==== INFORMATION ====
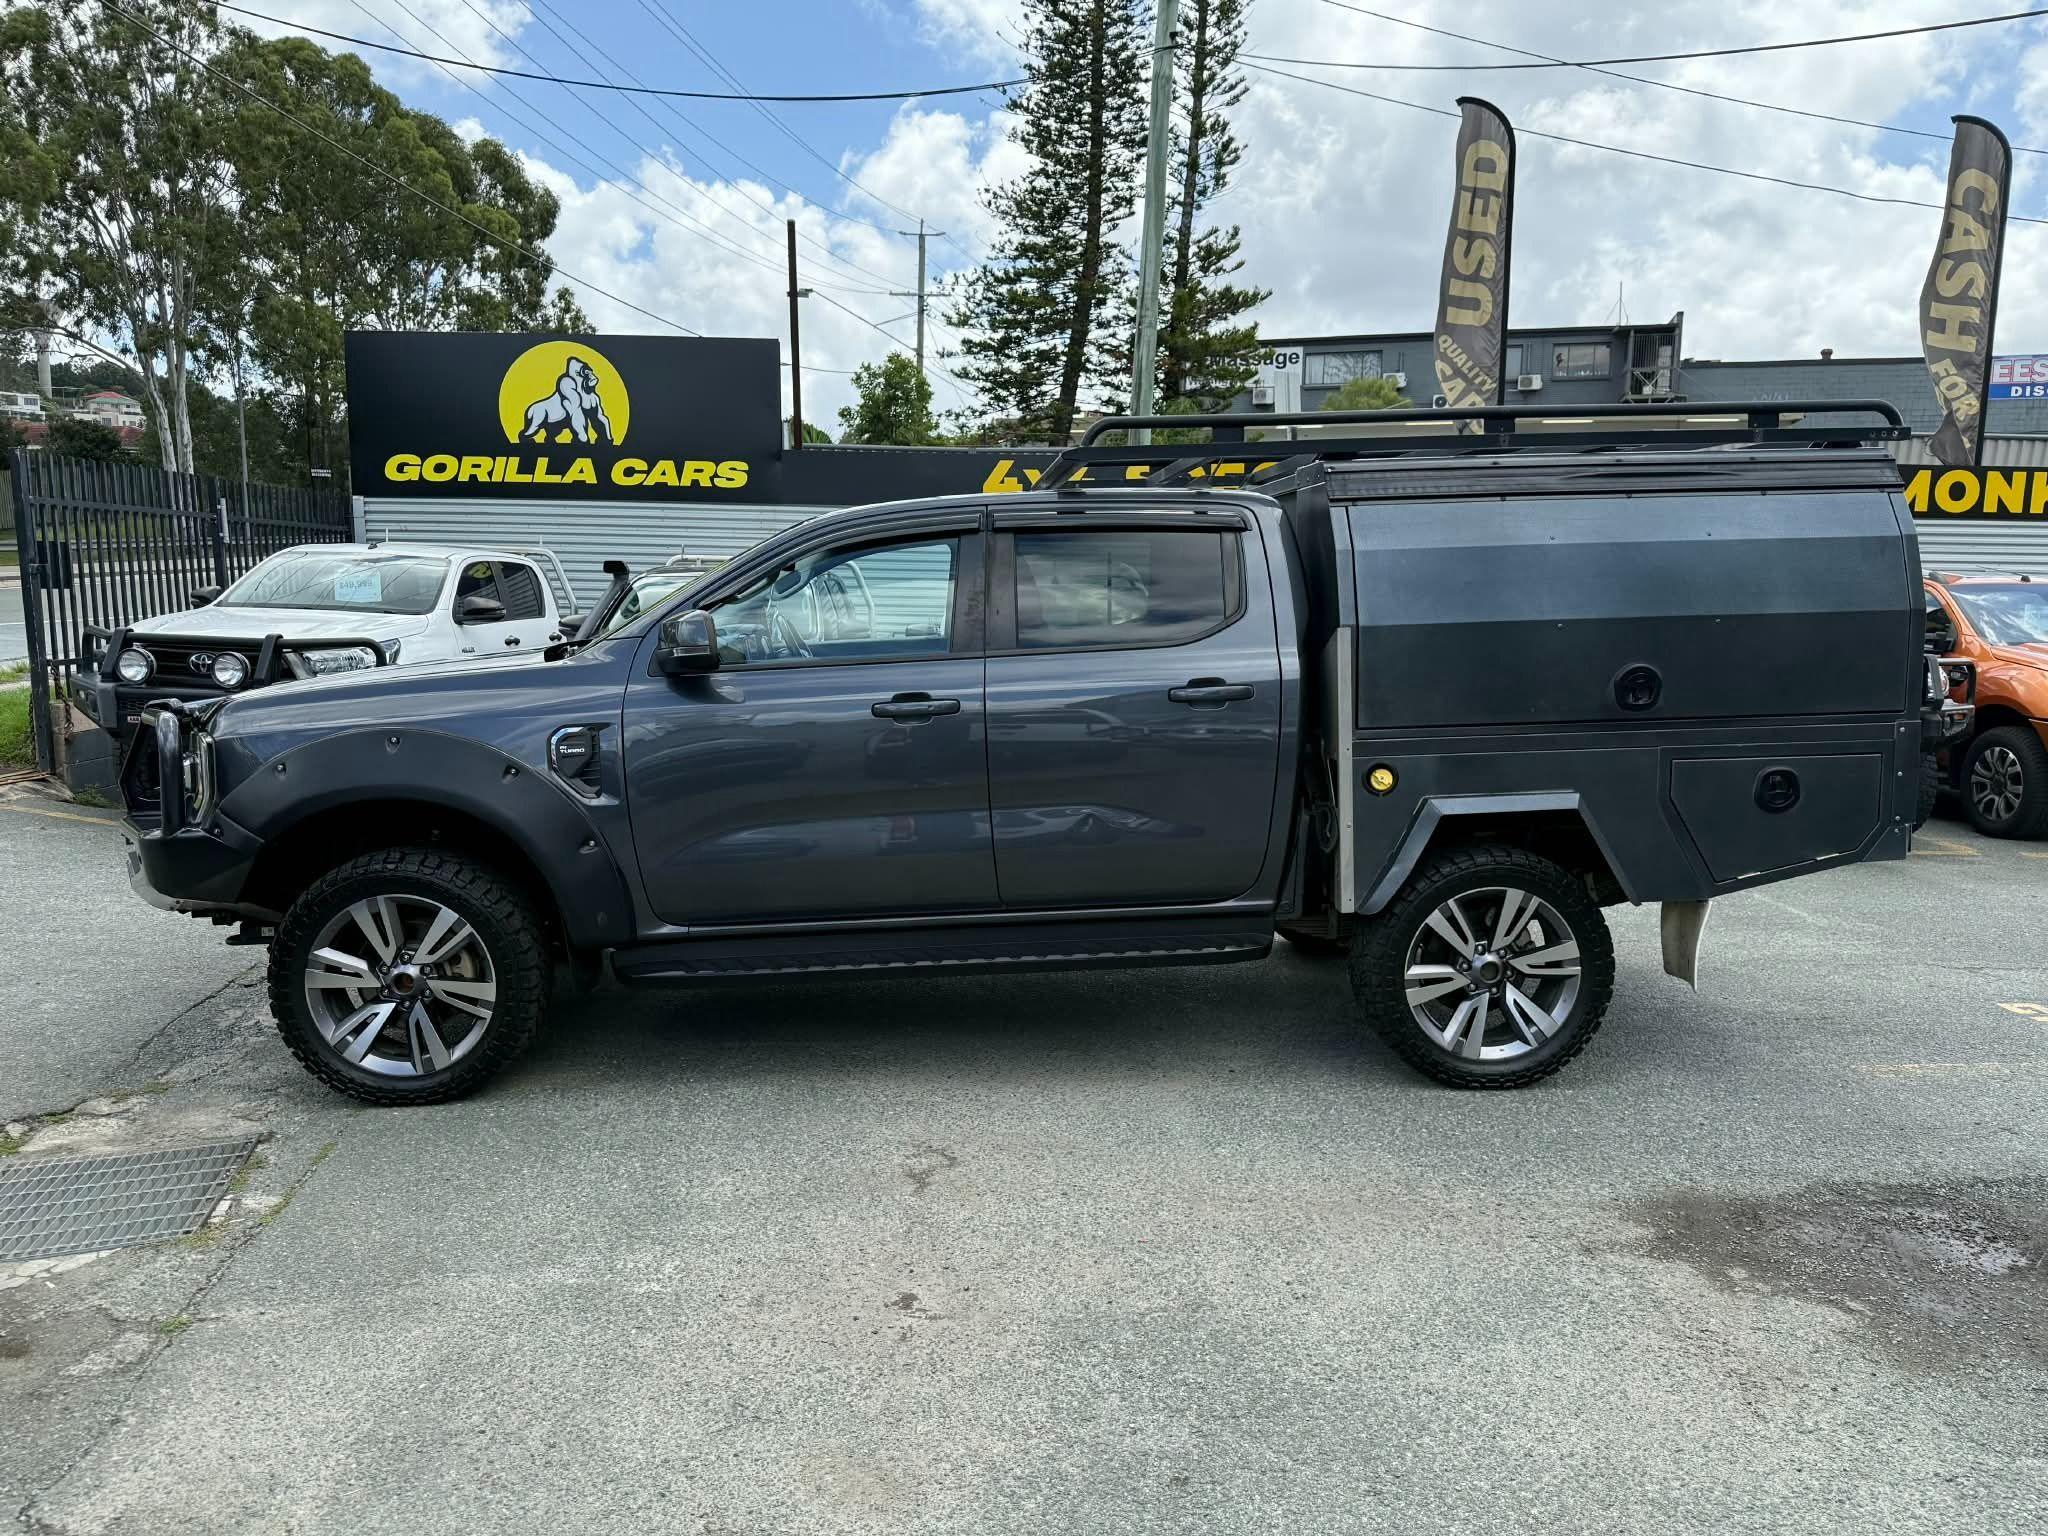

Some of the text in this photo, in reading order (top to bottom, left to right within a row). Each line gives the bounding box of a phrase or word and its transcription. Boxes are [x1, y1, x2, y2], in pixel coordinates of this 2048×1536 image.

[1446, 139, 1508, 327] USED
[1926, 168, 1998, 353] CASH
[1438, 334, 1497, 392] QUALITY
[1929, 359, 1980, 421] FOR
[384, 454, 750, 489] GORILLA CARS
====
§ THE PROBLEM:
In your copy of the entries above, keep the text exact and leave out the pictures.

§ RESPONSE TO THIS EXERCISE:
Some of the text in this photo, in reading order (top to bottom, left to right within a row). Each line gives the bounding box of a phrase or word and its transcription. Boxes are [x1, y1, x2, y2], in pixel coordinates of this 2048×1536 image.

[1446, 139, 1508, 327] USED
[1926, 168, 1998, 353] CASH
[1438, 334, 1497, 392] QUALITY
[1929, 359, 1980, 421] FOR
[384, 454, 750, 489] GORILLA CARS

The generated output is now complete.